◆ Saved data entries
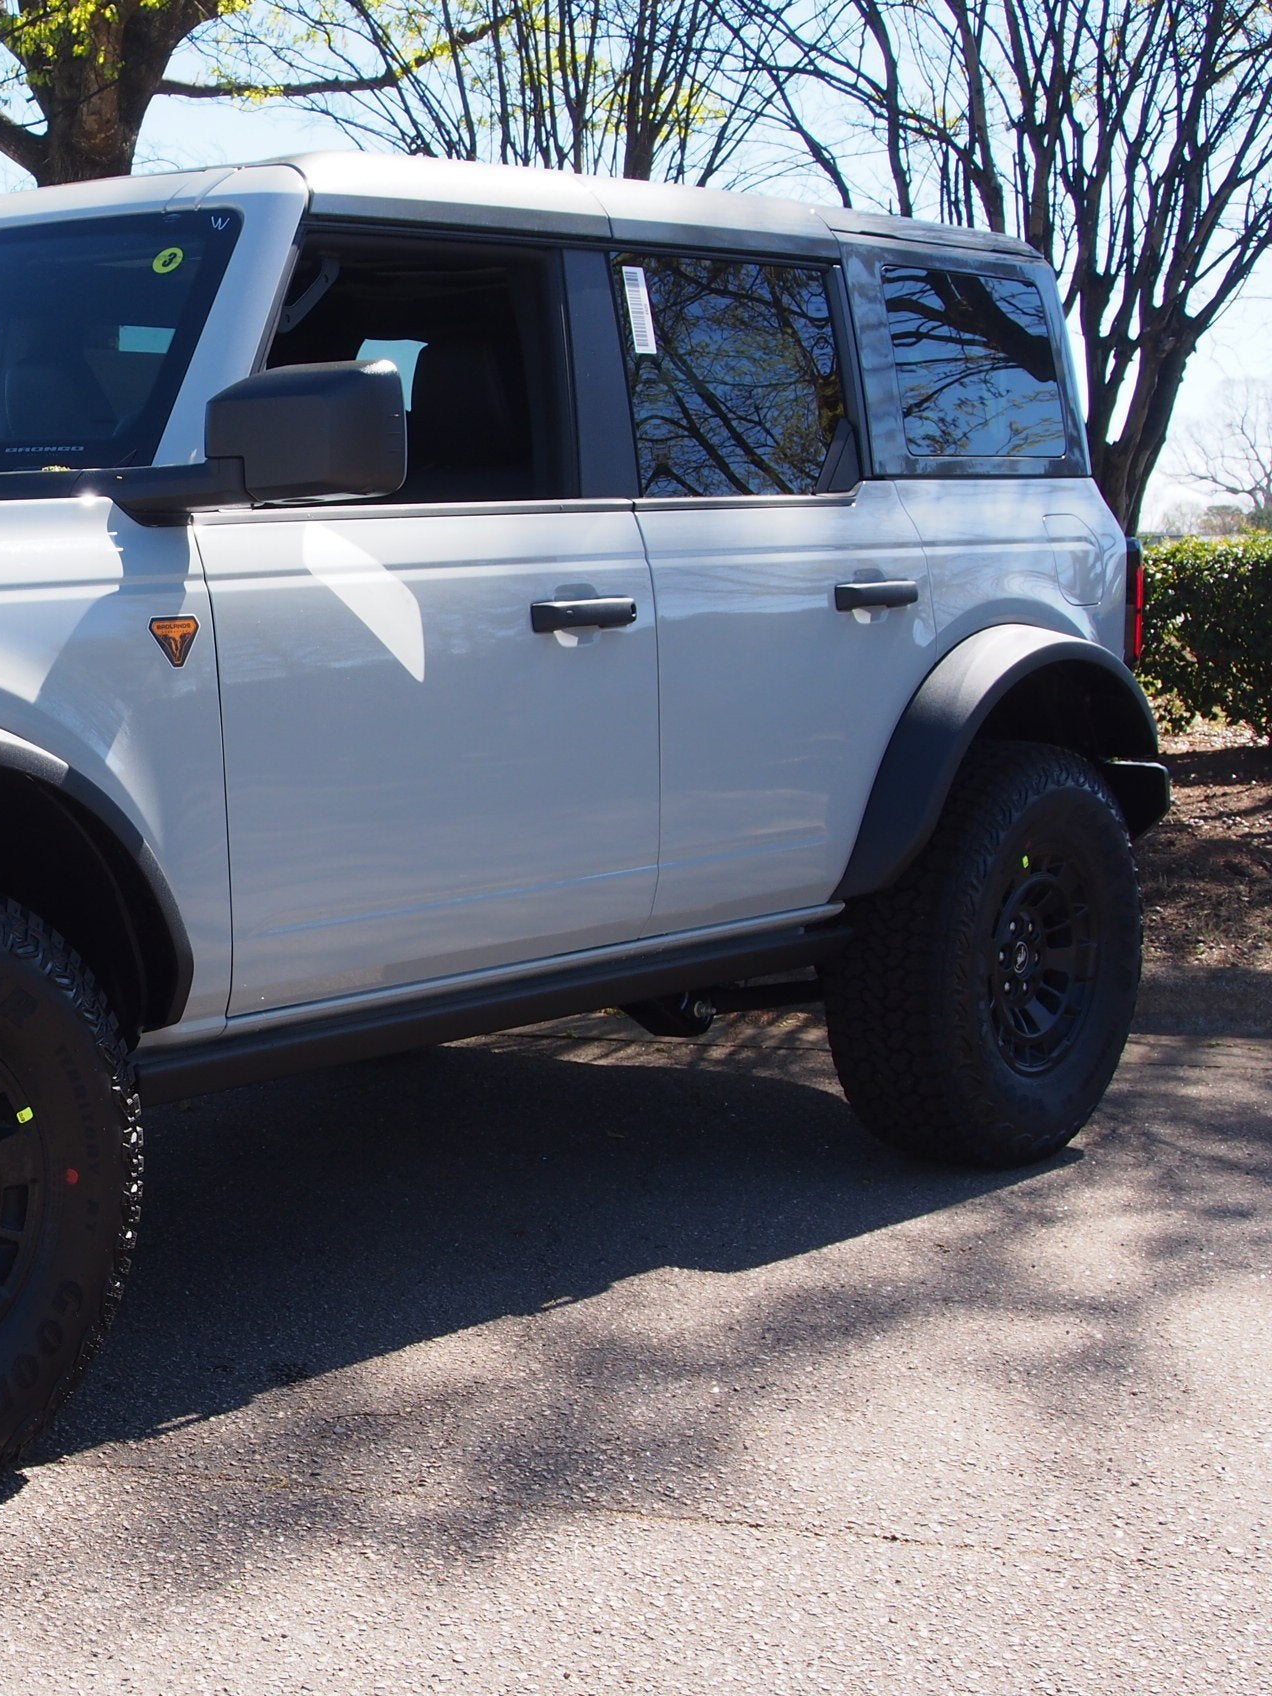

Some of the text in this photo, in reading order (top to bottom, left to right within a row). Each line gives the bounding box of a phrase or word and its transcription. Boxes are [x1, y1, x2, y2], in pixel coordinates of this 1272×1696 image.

[210, 215, 231, 230] W
[161, 251, 178, 268] 3
[5, 445, 85, 454] BRONCO
[156, 622, 191, 630] BADLANDS
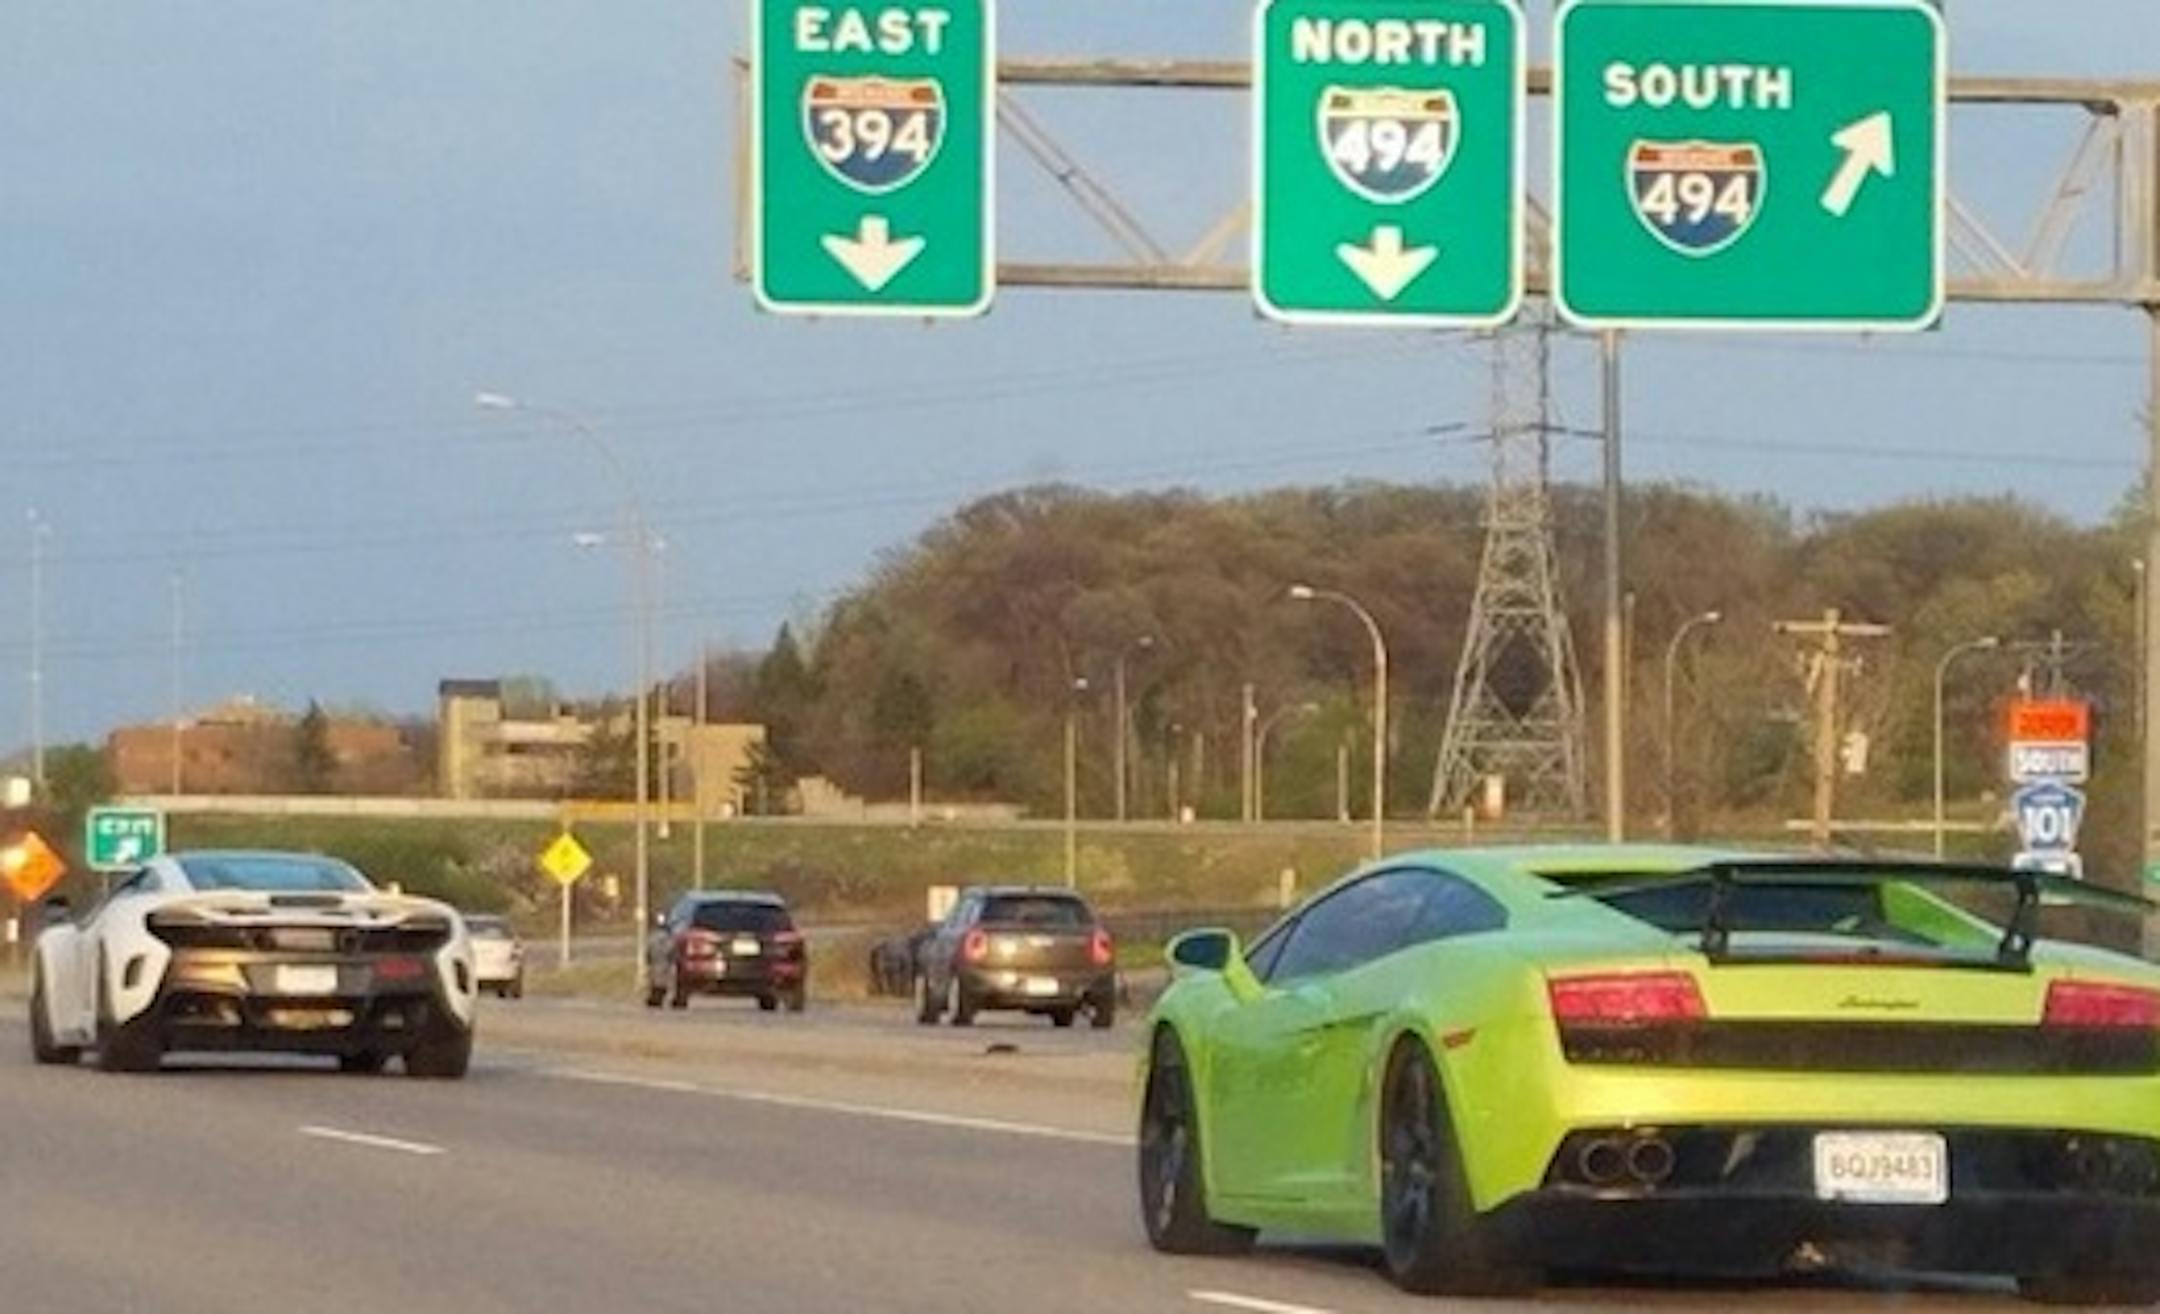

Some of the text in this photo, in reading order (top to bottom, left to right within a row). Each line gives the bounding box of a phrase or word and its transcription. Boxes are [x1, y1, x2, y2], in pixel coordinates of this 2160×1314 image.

[795, 6, 950, 54] EAST
[1292, 17, 1486, 66] NORTH
[1604, 61, 1792, 109] SOUTH
[819, 109, 931, 163] 394
[1333, 119, 1446, 173] 494
[1641, 172, 1752, 225] 494
[2022, 805, 2072, 844] 101

◆ ACTIVITY
Retype all entries exactly; omit pictures.

◆ RESPONSE BELOW
Some of the text in this photo, in reading order (top to bottom, left to right within a row). Each line gives the bounding box of a phrase or word and its transcription. Boxes are [x1, y1, x2, y2], in pixel coordinates of this 1272×1696 image.

[210, 215, 231, 230] W
[161, 251, 178, 268] 3
[5, 445, 85, 454] BRONCO
[156, 622, 191, 630] BADLANDS

Some of the text in this photo, in reading order (top to bottom, left to right within a row). Each line gives the bounding box of a phrase or word and its transcription. Boxes are [x1, y1, x2, y2], in pixel coordinates of this 2160×1314 image.

[795, 6, 950, 54] EAST
[1292, 17, 1486, 66] NORTH
[1604, 61, 1792, 109] SOUTH
[819, 109, 931, 163] 394
[1333, 119, 1446, 173] 494
[1641, 172, 1752, 225] 494
[2022, 805, 2072, 844] 101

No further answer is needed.